TASK STATEMENT
Apart from the images, reproduce all of the data word for word.

===== TASK DATA =====

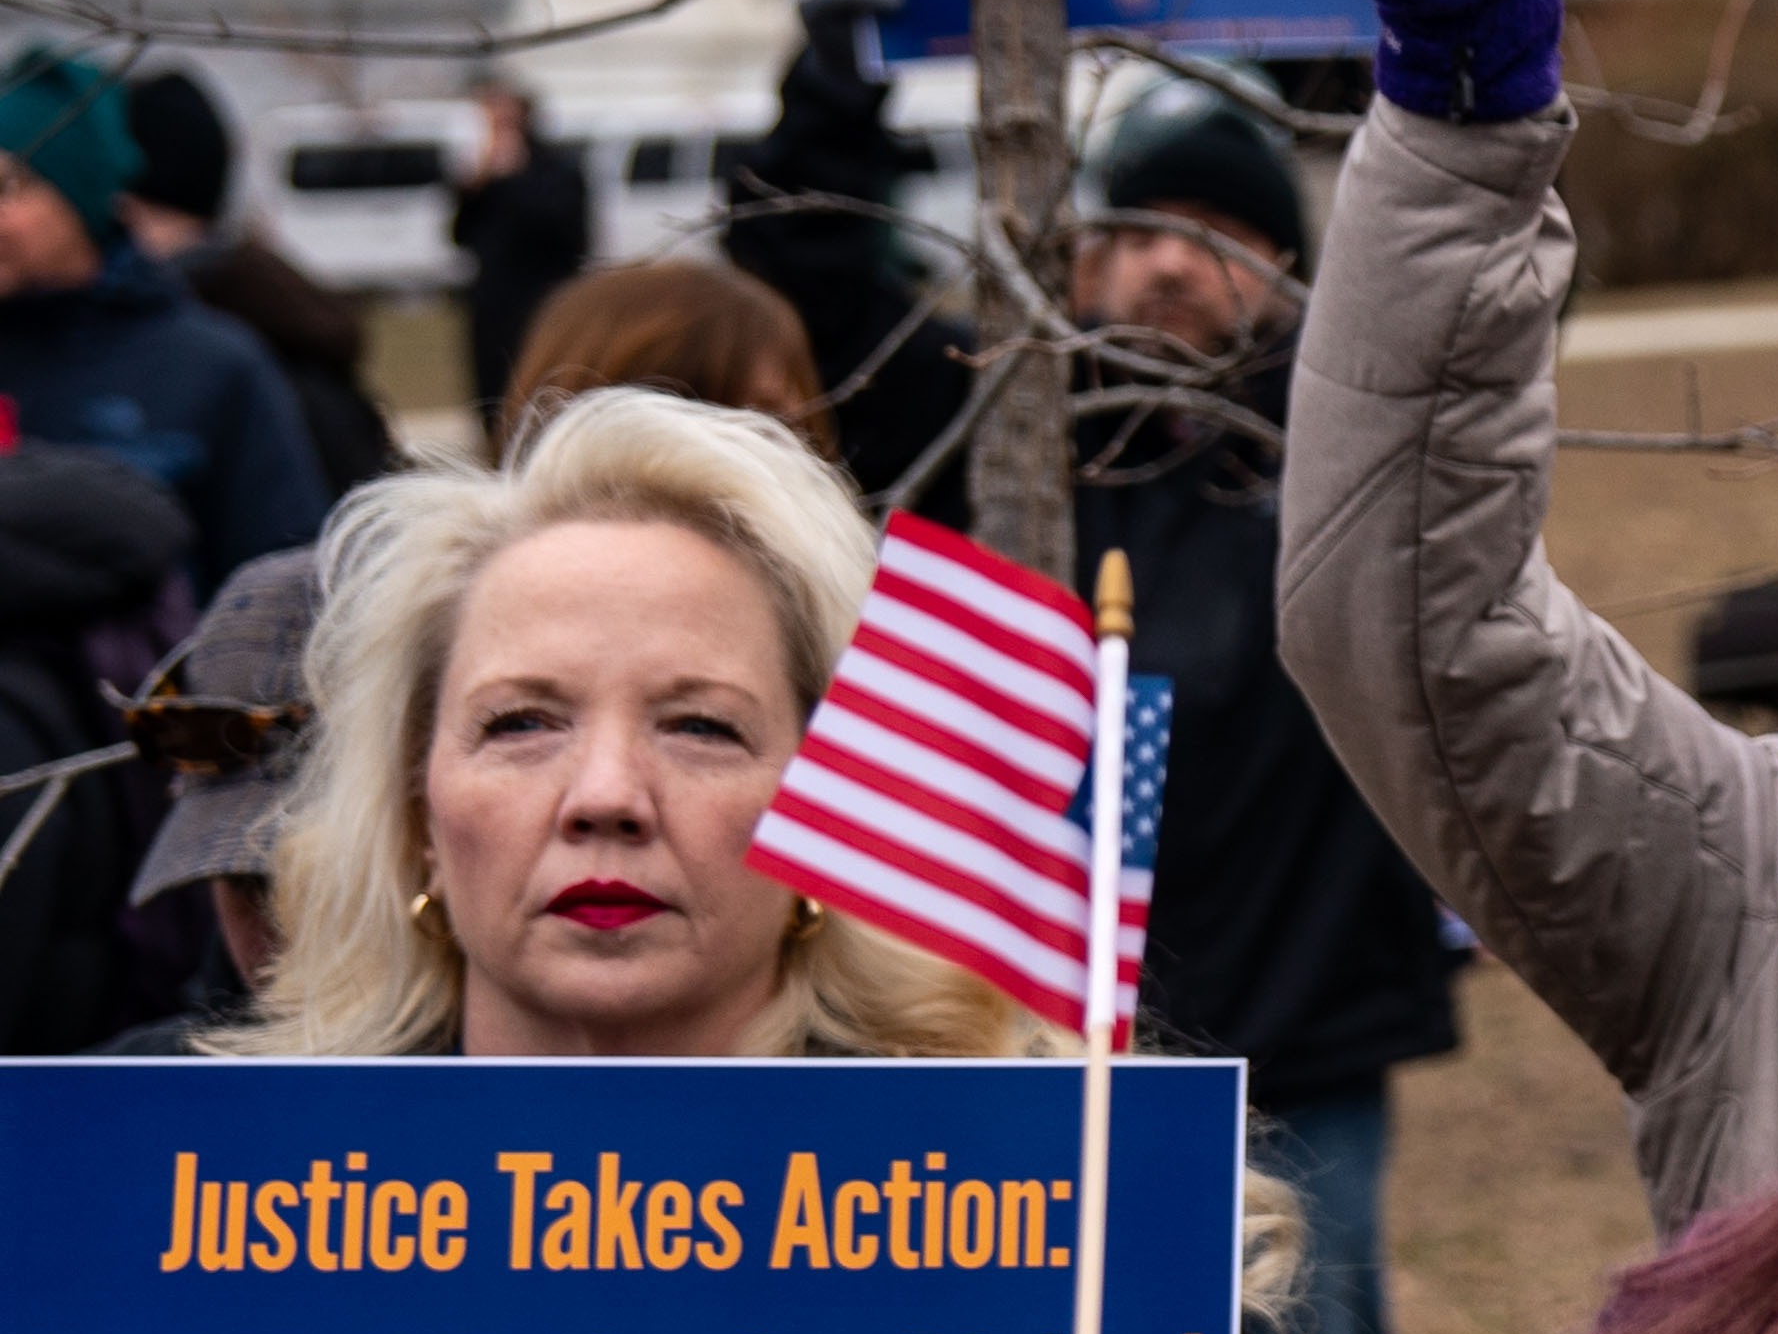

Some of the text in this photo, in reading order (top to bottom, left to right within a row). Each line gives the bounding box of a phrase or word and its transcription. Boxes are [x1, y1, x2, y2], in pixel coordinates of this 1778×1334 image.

[162, 1153, 1071, 1271] Justice Takes Action:
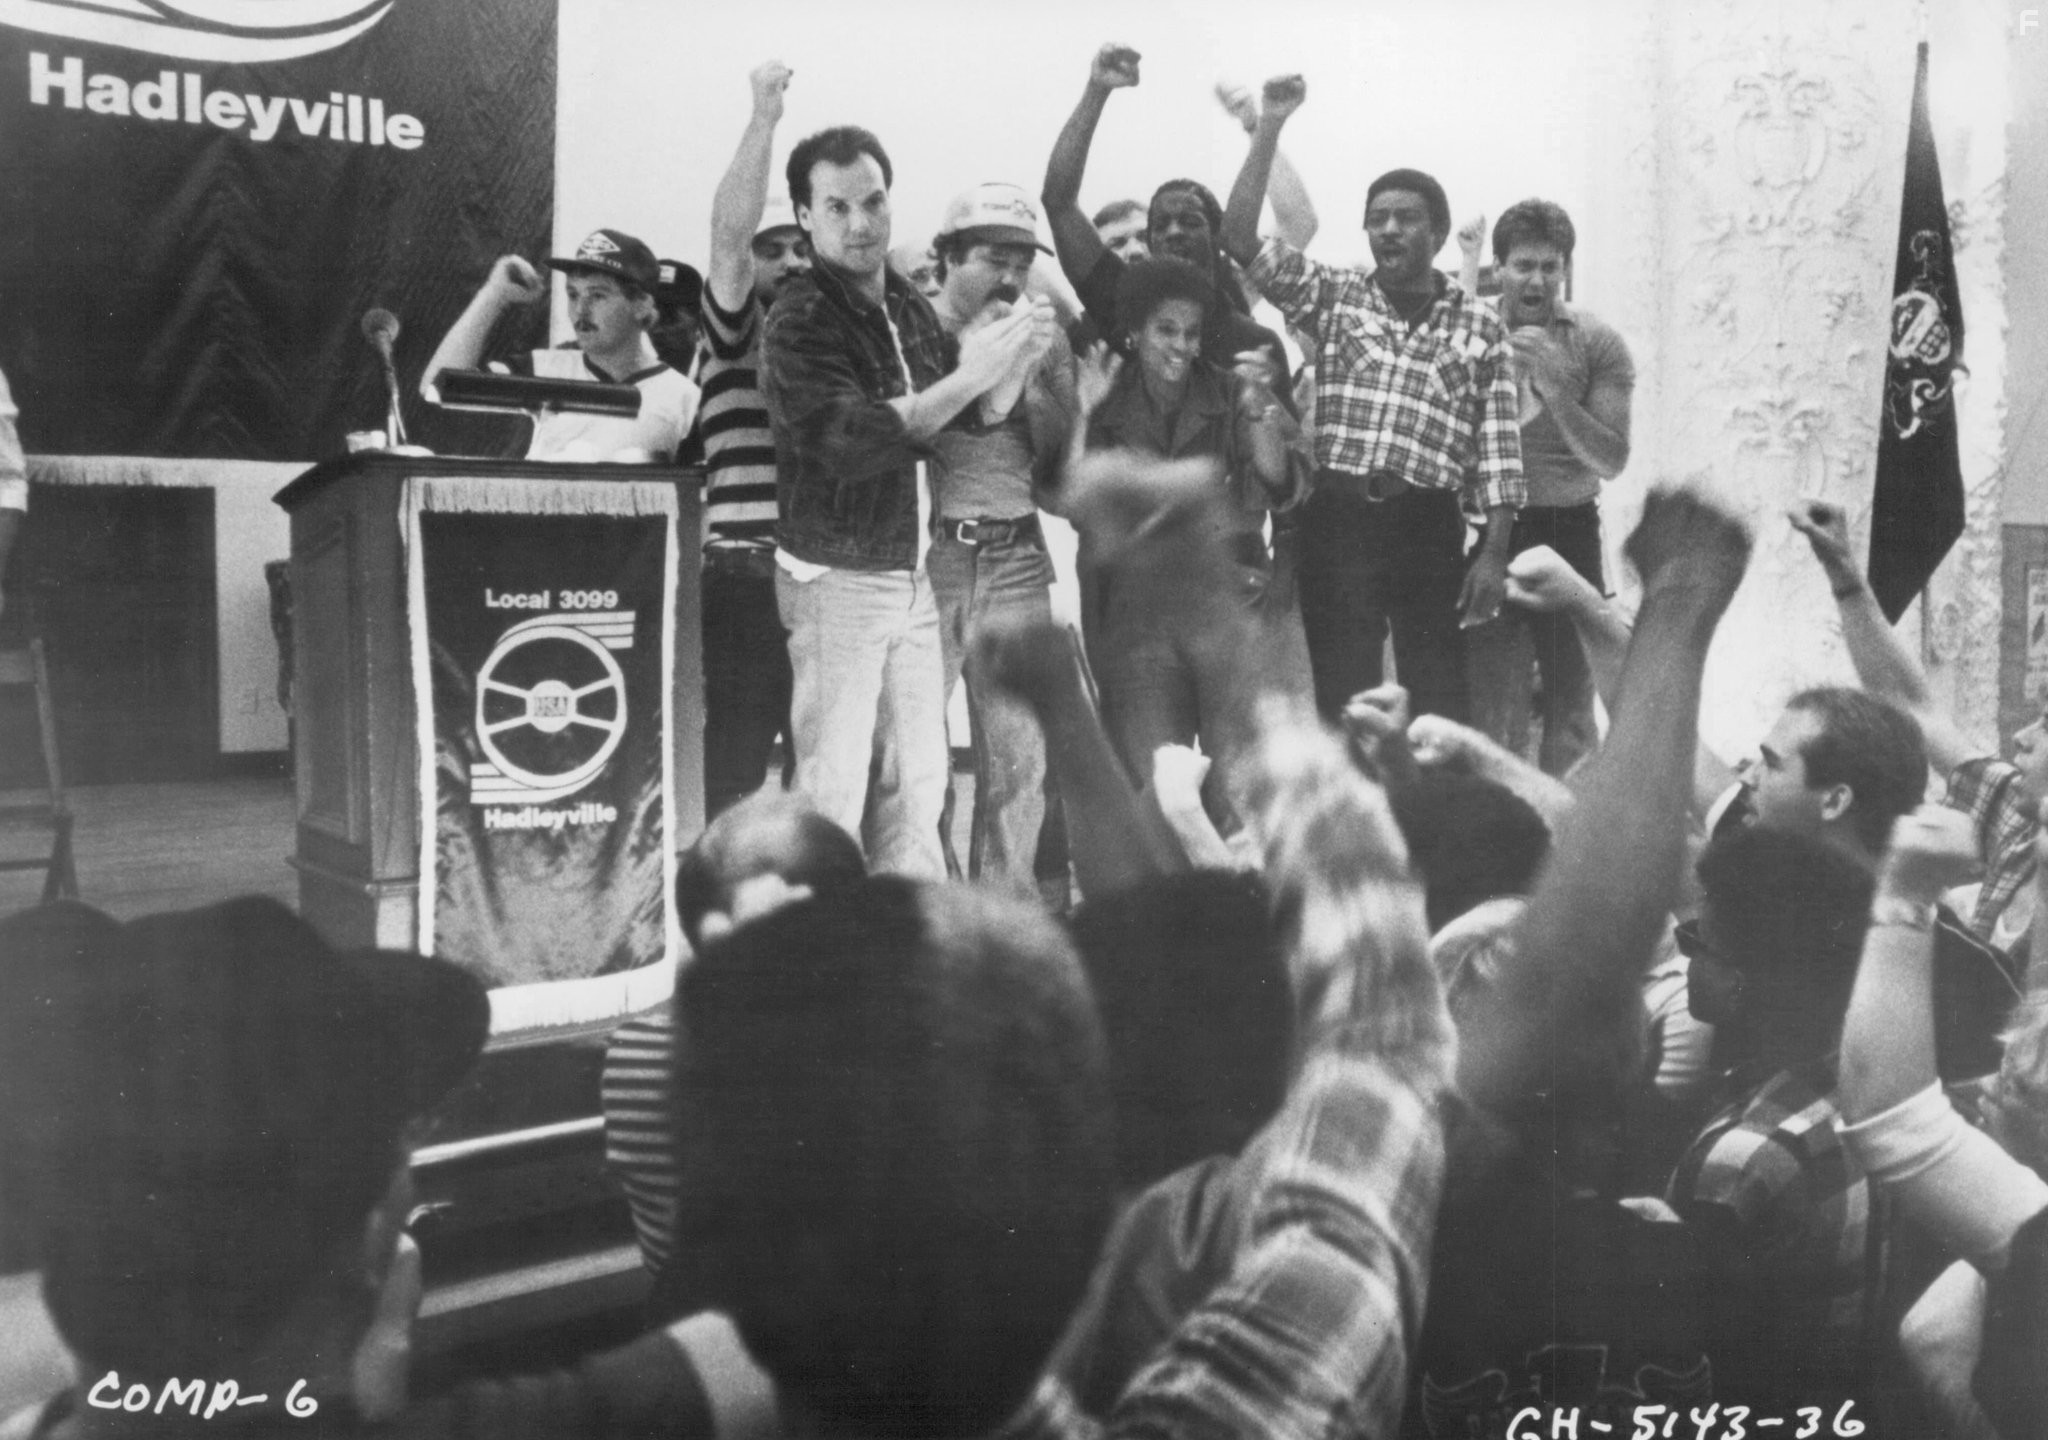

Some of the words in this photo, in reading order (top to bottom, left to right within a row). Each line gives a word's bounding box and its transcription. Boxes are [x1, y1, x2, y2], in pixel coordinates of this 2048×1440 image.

[28, 51, 426, 150] Hadleyville
[485, 588, 551, 609] Local
[559, 590, 619, 609] 3099
[484, 803, 617, 830] Hadleyville

=====

SOLUTION FOR THIS PROBLEM
Some of the text in this photo, in reading order (top to bottom, left to right within a row). Each line gives the bounding box of a phrase or word and its transcription. Boxes are [x1, y1, x2, y2], in pixel coordinates of this 1778×1334 image.

[162, 1153, 1071, 1271] Justice Takes Action:

Some of the words in this photo, in reading order (top to bottom, left to right within a row). Each line gives a word's bounding box and its transcription. Boxes are [x1, y1, x2, y2], in pixel coordinates of this 2048×1440 image.

[28, 51, 426, 150] Hadleyville
[485, 588, 551, 609] Local
[559, 590, 619, 609] 3099
[484, 803, 617, 830] Hadleyville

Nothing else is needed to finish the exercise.